The licensing process is handled by individual government agencies. It usually necessitates passing an exam in addition to meeting eligibility requirements such as a certain degree of education, job experience, training, or completion of an internship, residency, or apprenticeship. Check with local or national cheerleading associations to see whether you need to be licensed. Typically, a routine that includes playing multiple recorded songs requires the appropriate license.
While there are no specific height or weight requirements, you must meet any minimum or maximum age requirements to be a Professional Cheerleader.
Projected Career Map
Career advancement is driven by performance, experience, and the acquisition of professional certifications. Employees who continuously demonstrate high levels of performance may be eligible for promotion every two to three years.
You can join a traveling squad to discover new locations, make money, and gain experience for yourself and your team.
You can also work in sports management or broadcasting, or in sports marketing or sponsorship as a brand ambassador. Professional cheerleading squads can be hired to market or advertise products.
Professional cheerleaders, who are part of dance teams who perform for professional sports teams, may find opportunities to become Choreographers, Coaches, or Managers in professional cheer clubs. You might also become a fitness instructor, or model, or open your own dancing studio.
You can work in the entertainment sector, join a dance team, become an acrobat or gymnast, or take on other related roles on a professional or amateur level.
Stunt cheerleaders have fewer possibilities, but they can work as camp trainers, host clinics, or give private lessons if they have the necessary certifications and experience. Other opportunities include starting your own company and franchising your brand as a well-known stunt squad.
You may also get to work with well-known figures in the entertainment business and at major sporting events.
Candidates with the required skills and experience have the best job opportunities. Your endurance, fitness, and flexibility, together with teamwork and tenacity, will serve you well in the employment market.
Beneficial Professional Development
CPD will assist active Professional Cheerleaders in developing personal skills and proficiency through work-based learning, a professional activity, formal education, or self-directed learning. It enables you to always improve your skills, regardless of your age, employment, or degree of expertise.
If you are already a member of a team practicing for a competition, seminars led by other Professional Cheerleaders may give you an advantage over competing teams. Public speaking, leadership, and communication seminars or workshops can teach you how to project your voice and express your feelings. Nutrition, physical fitness, and teamwork classes are also beneficial.
Cheerleading not only connects you with individuals with varied aspirations, but it can also be a tool to help you reach your personal and professional objectives. Professional cheerleaders, whether they call themselves athletes or spectators, must stay physically fit and strong and devise a long-term strategy to achieve excellence in performance while also reaping financial benefits.

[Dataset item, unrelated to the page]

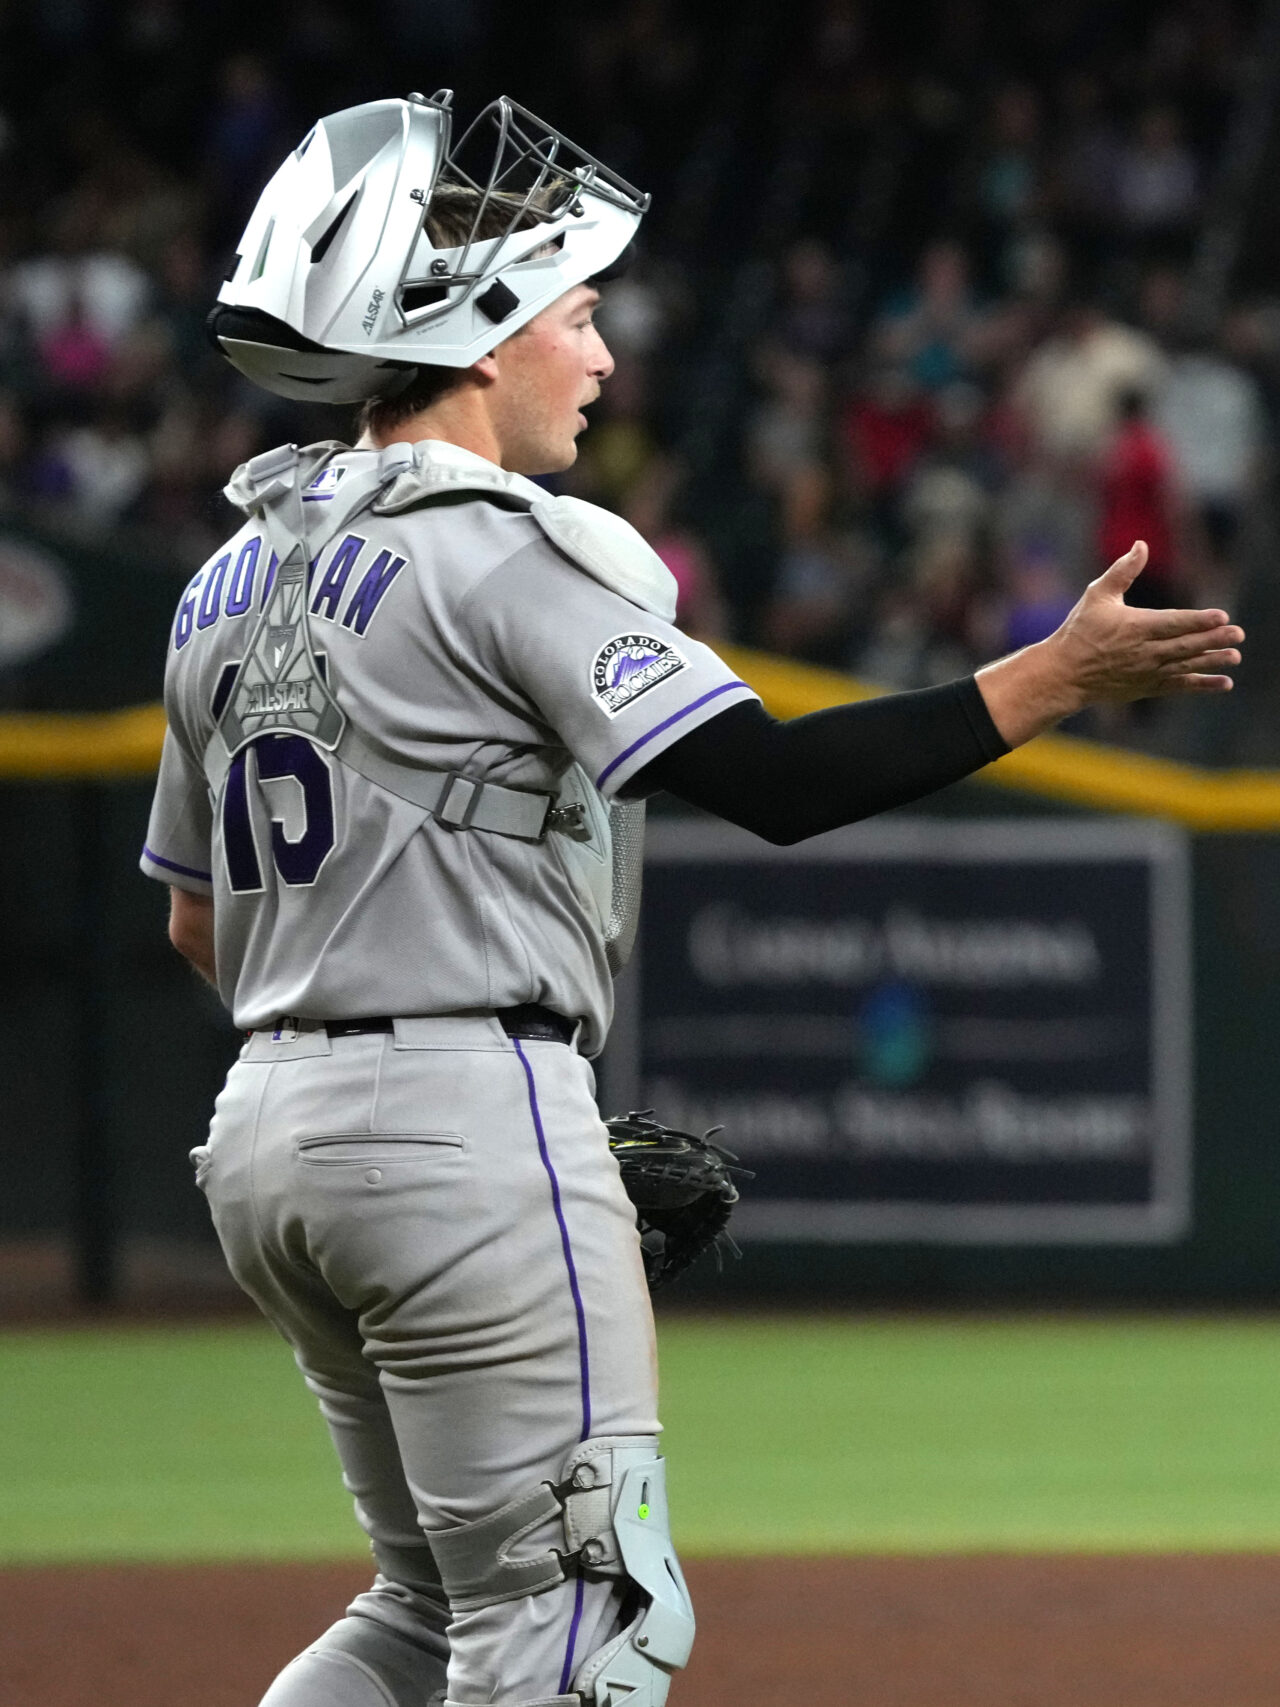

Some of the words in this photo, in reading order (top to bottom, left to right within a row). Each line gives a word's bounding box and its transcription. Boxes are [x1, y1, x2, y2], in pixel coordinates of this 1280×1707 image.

Whether you compete or cheer from the sidelines, some of the traits you gain, such as discipline, dedication, confidence, devotion, and teamwork, will serve you well throughout your life.
Advice from the Wise
In addition to the obligation of staying fit to undertake complex routines and manoeuvres, you may be under pressure to maintain your weight. Be cautious of your nutrition, but avoid falling victim to eating disorders, which can lead to major health problems. Your goal should be to eat healthily. Coaches, team members, and family members must be on the lookout for any warning indications of eating disorders.